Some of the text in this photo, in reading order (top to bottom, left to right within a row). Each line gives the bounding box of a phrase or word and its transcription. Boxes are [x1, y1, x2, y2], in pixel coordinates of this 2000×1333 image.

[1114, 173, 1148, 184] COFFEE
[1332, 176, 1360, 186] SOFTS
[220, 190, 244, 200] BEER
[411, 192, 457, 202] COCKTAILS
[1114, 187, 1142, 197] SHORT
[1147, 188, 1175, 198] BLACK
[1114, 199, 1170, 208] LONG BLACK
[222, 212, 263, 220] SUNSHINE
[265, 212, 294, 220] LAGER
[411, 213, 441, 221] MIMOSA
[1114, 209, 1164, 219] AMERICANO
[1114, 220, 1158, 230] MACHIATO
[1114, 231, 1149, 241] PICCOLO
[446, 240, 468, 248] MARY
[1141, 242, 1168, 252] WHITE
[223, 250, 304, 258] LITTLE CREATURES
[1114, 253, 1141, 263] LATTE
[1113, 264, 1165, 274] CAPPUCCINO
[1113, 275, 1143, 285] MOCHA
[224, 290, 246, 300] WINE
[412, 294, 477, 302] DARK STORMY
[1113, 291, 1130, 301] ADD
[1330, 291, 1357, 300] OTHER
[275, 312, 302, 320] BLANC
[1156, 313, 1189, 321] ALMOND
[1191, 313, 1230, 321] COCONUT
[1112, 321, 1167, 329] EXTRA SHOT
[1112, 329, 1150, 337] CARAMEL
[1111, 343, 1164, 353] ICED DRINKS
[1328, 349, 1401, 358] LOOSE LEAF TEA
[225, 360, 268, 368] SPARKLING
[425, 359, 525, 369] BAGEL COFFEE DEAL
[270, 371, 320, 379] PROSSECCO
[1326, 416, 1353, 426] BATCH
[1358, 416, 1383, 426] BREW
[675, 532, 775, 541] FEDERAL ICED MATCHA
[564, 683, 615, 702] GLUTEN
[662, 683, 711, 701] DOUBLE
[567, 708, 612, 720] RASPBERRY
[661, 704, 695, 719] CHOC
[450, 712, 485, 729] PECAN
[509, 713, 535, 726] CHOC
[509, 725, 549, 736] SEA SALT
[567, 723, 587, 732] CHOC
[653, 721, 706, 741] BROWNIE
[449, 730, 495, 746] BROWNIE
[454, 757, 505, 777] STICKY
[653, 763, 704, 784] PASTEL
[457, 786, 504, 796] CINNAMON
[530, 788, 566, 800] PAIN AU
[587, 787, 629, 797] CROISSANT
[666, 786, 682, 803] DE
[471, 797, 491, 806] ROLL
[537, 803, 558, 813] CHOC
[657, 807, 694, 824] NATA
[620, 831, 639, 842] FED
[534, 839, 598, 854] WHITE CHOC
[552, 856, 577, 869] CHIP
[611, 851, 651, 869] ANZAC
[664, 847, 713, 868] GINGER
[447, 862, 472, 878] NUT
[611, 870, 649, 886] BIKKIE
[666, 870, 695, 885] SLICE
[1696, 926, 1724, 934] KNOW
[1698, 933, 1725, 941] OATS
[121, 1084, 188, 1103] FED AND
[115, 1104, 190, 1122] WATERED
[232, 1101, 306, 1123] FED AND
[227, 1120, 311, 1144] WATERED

INSTRUCTIONS FOR THE TASK
Could you write out all the entries exactly as given?

ANSWER BOX
Some of the text in this photo, in reading order (top to bottom, left to right within a row). Each line gives the bounding box of a phrase or word and its transcription. Boxes are [x1, y1, x2, y2], in pixel coordinates of this 2000×1333 image.

[1114, 173, 1148, 184] COFFEE
[1332, 176, 1360, 186] SOFTS
[220, 190, 244, 200] BEER
[411, 192, 457, 202] COCKTAILS
[1114, 187, 1142, 197] SHORT
[1147, 188, 1175, 198] BLACK
[1114, 199, 1170, 208] LONG BLACK
[222, 212, 263, 220] SUNSHINE
[265, 212, 294, 220] LAGER
[411, 213, 441, 221] MIMOSA
[1114, 209, 1164, 219] AMERICANO
[1114, 220, 1158, 230] MACHIATO
[1114, 231, 1149, 241] PICCOLO
[446, 240, 468, 248] MARY
[1141, 242, 1168, 252] WHITE
[223, 250, 304, 258] LITTLE CREATURES
[1114, 253, 1141, 263] LATTE
[1113, 264, 1165, 274] CAPPUCCINO
[1113, 275, 1143, 285] MOCHA
[224, 290, 246, 300] WINE
[412, 294, 477, 302] DARK STORMY
[1113, 291, 1130, 301] ADD
[1330, 291, 1357, 300] OTHER
[275, 312, 302, 320] BLANC
[1156, 313, 1189, 321] ALMOND
[1191, 313, 1230, 321] COCONUT
[1112, 321, 1167, 329] EXTRA SHOT
[1112, 329, 1150, 337] CARAMEL
[1111, 343, 1164, 353] ICED DRINKS
[1328, 349, 1401, 358] LOOSE LEAF TEA
[225, 360, 268, 368] SPARKLING
[425, 359, 525, 369] BAGEL COFFEE DEAL
[270, 371, 320, 379] PROSSECCO
[1326, 416, 1353, 426] BATCH
[1358, 416, 1383, 426] BREW
[675, 532, 775, 541] FEDERAL ICED MATCHA
[564, 683, 615, 702] GLUTEN
[662, 683, 711, 701] DOUBLE
[567, 708, 612, 720] RASPBERRY
[661, 704, 695, 719] CHOC
[450, 712, 485, 729] PECAN
[509, 713, 535, 726] CHOC
[509, 725, 549, 736] SEA SALT
[567, 723, 587, 732] CHOC
[653, 721, 706, 741] BROWNIE
[449, 730, 495, 746] BROWNIE
[454, 757, 505, 777] STICKY
[653, 763, 704, 784] PASTEL
[457, 786, 504, 796] CINNAMON
[530, 788, 566, 800] PAIN AU
[587, 787, 629, 797] CROISSANT
[666, 786, 682, 803] DE
[471, 797, 491, 806] ROLL
[537, 803, 558, 813] CHOC
[657, 807, 694, 824] NATA
[620, 831, 639, 842] FED
[534, 839, 598, 854] WHITE CHOC
[552, 856, 577, 869] CHIP
[611, 851, 651, 869] ANZAC
[664, 847, 713, 868] GINGER
[447, 862, 472, 878] NUT
[611, 870, 649, 886] BIKKIE
[666, 870, 695, 885] SLICE
[1696, 926, 1724, 934] KNOW
[1698, 933, 1725, 941] OATS
[121, 1084, 188, 1103] FED AND
[115, 1104, 190, 1122] WATERED
[232, 1101, 306, 1123] FED AND
[227, 1120, 311, 1144] WATERED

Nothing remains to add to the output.